Jungck has worked in biology and biology education not only in the United States but also in Australia, Thailand, New Zealand, Scotland, Egypt, Sri Lanka, Mexico, Hungary, Croatia, The Netherlands, Italy, Germany, Belgium, Canada, Peru, Ecuador, and the Ukraine.
The AIBS President's Citation Award, which recognizes meritorious accomplishments by individuals or groups in the biological sciences, for 2004 goes to Tyrone Hayes, a dynamic young faculty member in the Department of Integrative Biology at the University of California-Berkeley.
Hayes is a distinguished teacher and mentor who is deeply committed to increasing diversity in academic, and his synthetic research is of the highest caliber, integrating endocrinology, development, and ecology to understand synergies and effects on organisms in nature, particularly frogs. His fieldwork is done in Africa, Southeast Asia, and the United States.

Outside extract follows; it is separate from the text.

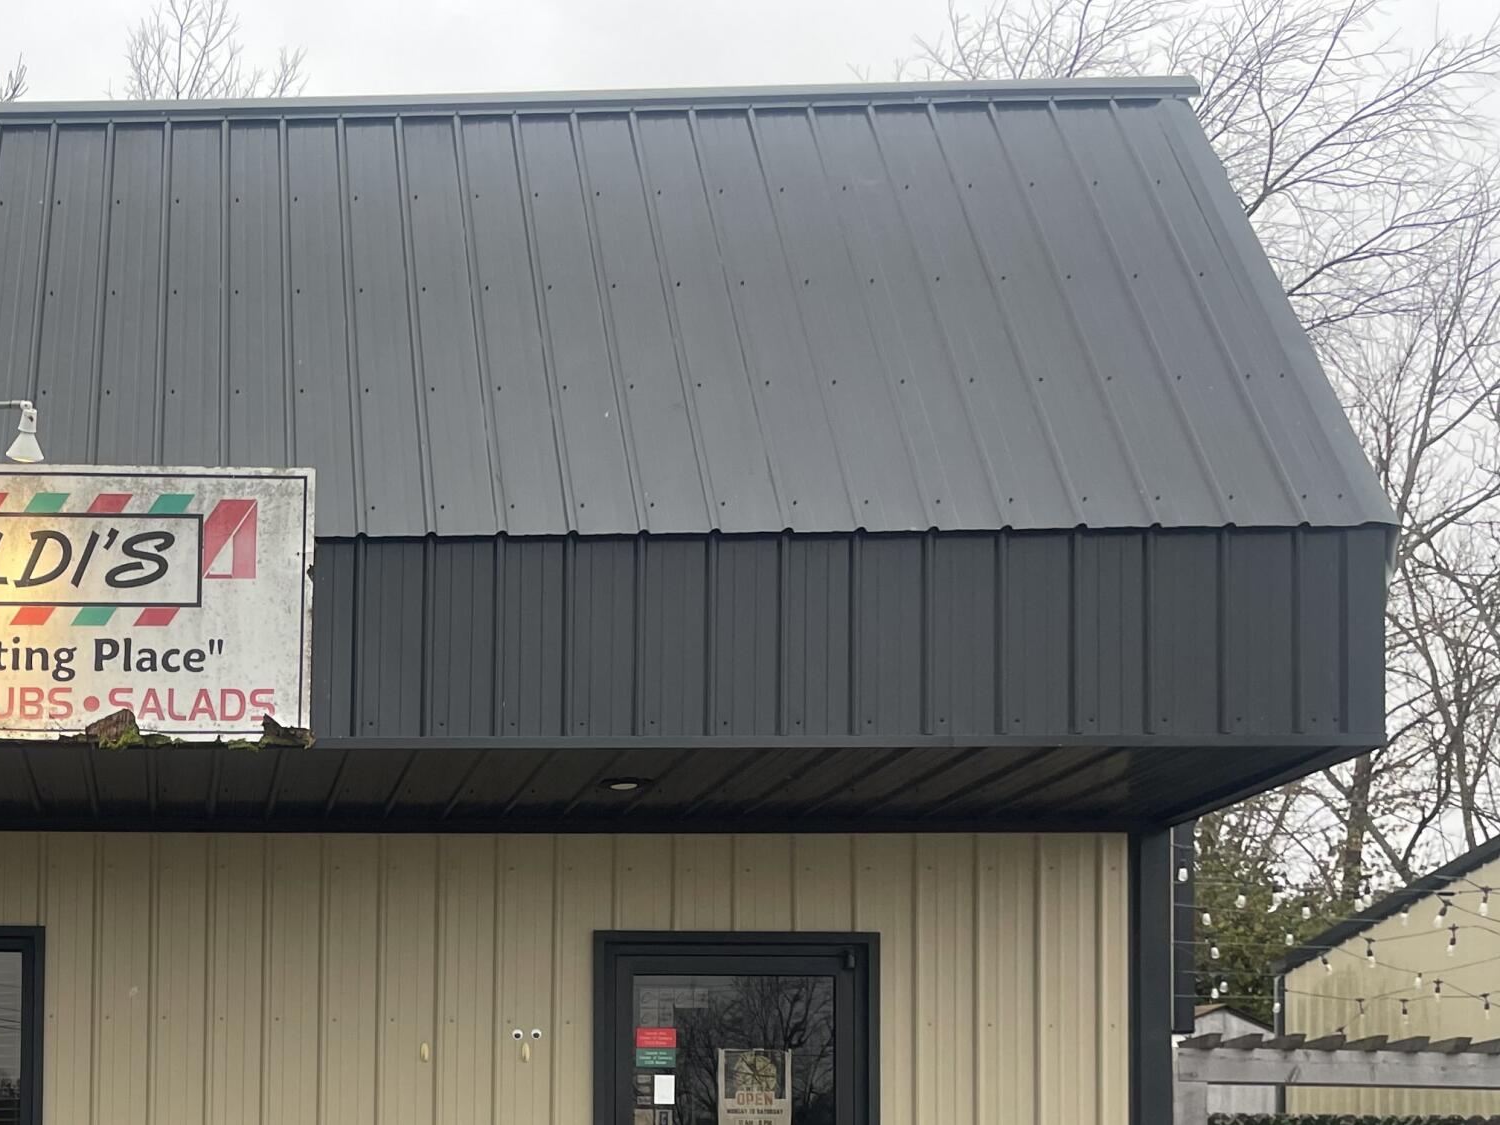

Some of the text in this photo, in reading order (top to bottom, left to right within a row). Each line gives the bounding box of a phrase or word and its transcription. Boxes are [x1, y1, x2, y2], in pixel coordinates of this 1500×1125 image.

His recent research on endocrine disruptors, which has produced a potential test that has general application, has revealed major problems with various agricultural agents, including a widely used pesticide. His research entails large samples in double-blind studies; his work is carefully documented and rigorously analyzed--the science is impeccable. He has earned the approbation of many scientists and policymakers, yet because of the economic and policy implications of his research, Hayes has met with scientific and personal attacks.
With great personal courage, Hayes continues to expand his research into areas that are scientifically and politically important. He is a role model for a new generation of biologists who use basic research to look at major problems confronting humans and other species and their environments.